Jens Spahn will das Kassen-System umgestalten und erntet dafür Kritik.

(Foto: Kay Nietfeld/dpa)

SPD-Fraktionsvize Lauterbach kündigt Widerstand gegen Gesundheitsminister Spahns Kassenreformpläne an. Er befürchtet eine schlechtere Versorgung.

Bundesgesundheitsminister Jens Spahn (CDU) erfährt für seine Pläne zu einer bundesweiten Öffnung regional begrenzter Krankenkassen zusehends Widerstand in der Koalition. "Wir werden das so nicht mitmachen", sagte der Fraktionsvizevorsitzende der SPD, Karl Lauterbach, der Deutschen Presse-Agentur. "Das brächte eine Verschlechterung der Versorgung." Es habe keinen Sinn, nur ein bundesweites Kassensystem zu haben. Gebraucht würden mehr regionaler Wettbewerb und regionale Versorgung. "Wer sich als Versicherter für eine bundesweite Kasse entscheiden will, kann das jetzt schon jederzeit tun", sagte Lauterbach.

Spahn will die gesetzlichen Regionalbegrenzungen streichen, die bisher für Allgemeine Ortskrankenkassen (AOK), bestimmte Betriebskrankenkassen und Innungskrankenkassen gelten. Dies soll den Wettbewerb unter den Kassen erweitern. So sollen sich Kunden aus ganz Deutschland für Kassen entscheiden können, die wegen günstiger regionaler Bedingungen einen unterdurchschnittlichen Zusatzbeitrag anbieten. Gegen die Pläne kommt auch von der CSU bereits Widerstand, von der AOK werden sie heftig kritisiert. Am Dienstag warnte der AOK-Bundesverband in Berlin vor den negativen Folgen einer bundesweiten Öffnung. Spahns Pläne führten nicht zu einer besseren Versorgung, sondern zu einem "einseitigen Fokus auf den Preiswettbewerb". Die Förderung des Wettbewerbs um den günstigsten Beitragssatz habe keinen Mehrwert etwa für chronisch Kranke, die auf Angebote vor Ort angewiesen seien. Das interessiere vor allem junge und gesunde Versicherte. Zudem könne nicht jeder Vertrag etwa für Hausarztmodelle einfach von einer Region in andere übertragen werden.
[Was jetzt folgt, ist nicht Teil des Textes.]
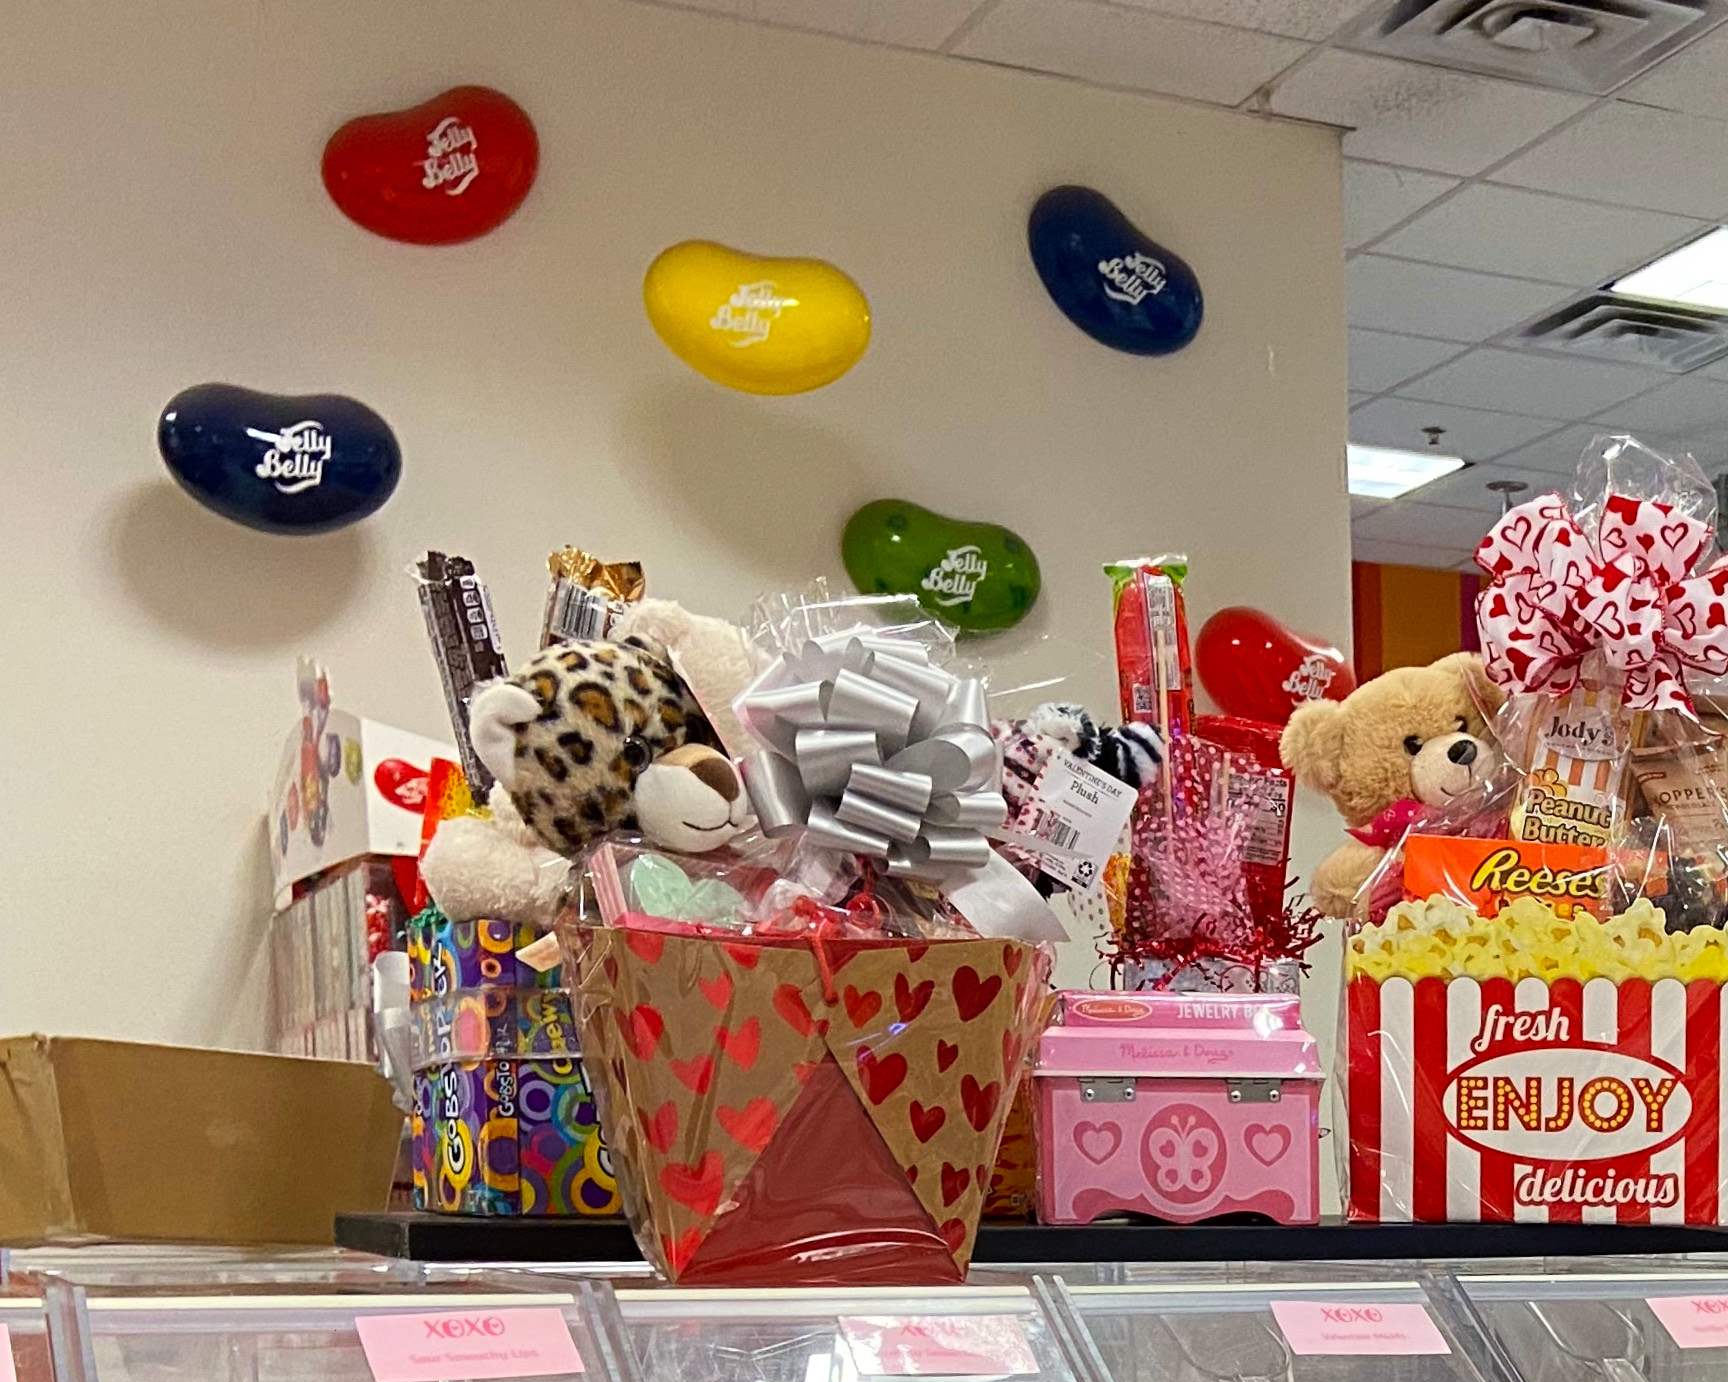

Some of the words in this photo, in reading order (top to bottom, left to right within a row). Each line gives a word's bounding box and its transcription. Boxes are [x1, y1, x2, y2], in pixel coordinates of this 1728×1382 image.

[426, 116, 477, 157] Jelly
[422, 152, 479, 196] Belly
[1098, 258, 1147, 305] Belly
[1125, 251, 1167, 294] Jelly
[729, 279, 783, 318] Jelly
[709, 304, 771, 348] Belly
[275, 420, 332, 461] Jelly
[255, 449, 323, 494] Belly
[941, 545, 988, 581] Jelly
[921, 567, 977, 607] Belly
[1282, 671, 1326, 706] Belly
[1299, 654, 1332, 689] Jelly
[1544, 716, 1615, 745] Jody's
[1064, 758, 1108, 791] VALENTINE'S
[1106, 784, 1123, 798] DAY
[1070, 780, 1099, 804] Plush
[1525, 789, 1612, 829] Peanut
[1522, 816, 1606, 848] Butter
[1177, 1003, 1237, 1019] JEWELRY
[1473, 1003, 1570, 1052] fresh
[1456, 1076, 1679, 1133] ENJOY
[1518, 1167, 1678, 1204] delicious
[408, 1352, 441, 1365] Sour
[511, 1347, 539, 1362] Lips
Der SPD-Politiker Lauterbach sagte: "Wenn wir schon mehr als 100 Krankenkassen haben, sollten sie sich auch im Profil unterscheiden." In Wirklichkeit gehe es bei den Plänen um angeblich mangelnde Kontrolle durch die Länder. Das sei eine Unterstellung. Es gelte aber: "Wenn es Kontrollprobleme gibt, müssen sie gelöst werden."
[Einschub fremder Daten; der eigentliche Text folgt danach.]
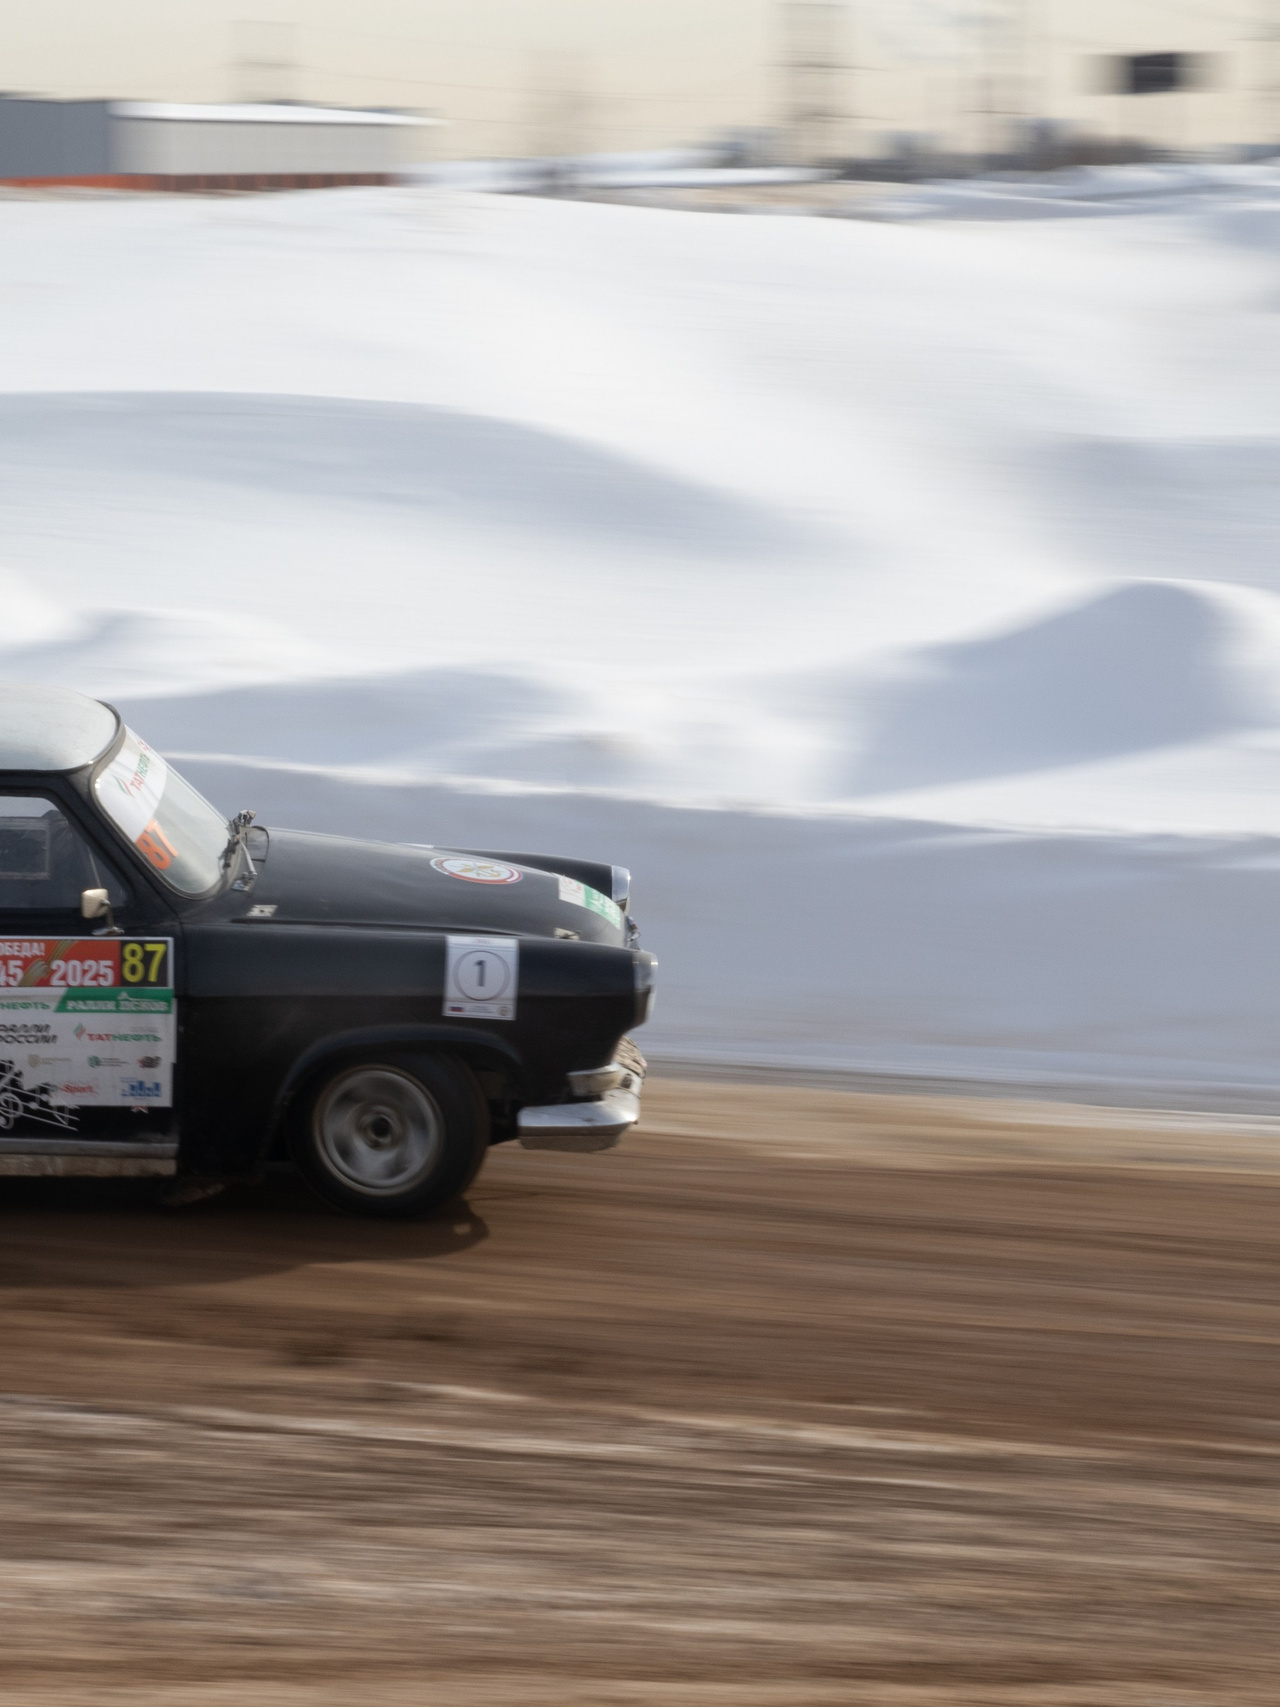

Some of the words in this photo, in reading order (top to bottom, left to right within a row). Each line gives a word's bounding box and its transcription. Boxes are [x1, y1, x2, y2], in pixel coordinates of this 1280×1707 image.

Spahn hatte jüngst gesagt, die bestehende Situation sorge dafür, dass manche Landesregierung ihre Krankenkassen bevorzugt behandle. "Das mag dann gut sein für die Krankenkasse, aber längst nicht immer für die Versicherten." Wenn Kassen eine große Marktmacht hätten, führe das auch dazu, dass sie Bedingungen diktieren könnten. "Was wir brauchen, ist ein fairer Wettbewerb zwischen den Krankenkassen in der Stadt und auf dem Land, sodass die Angebotsvielfalt langfristig erhalten bleibt." Krankenkassen könnten weiterhin Verträge mit Krankenhäusern und niedergelassenen Ärzten aushandeln. "Regionale Besonderheiten werden also nach wie vor berücksichtigt", sagte der Minister.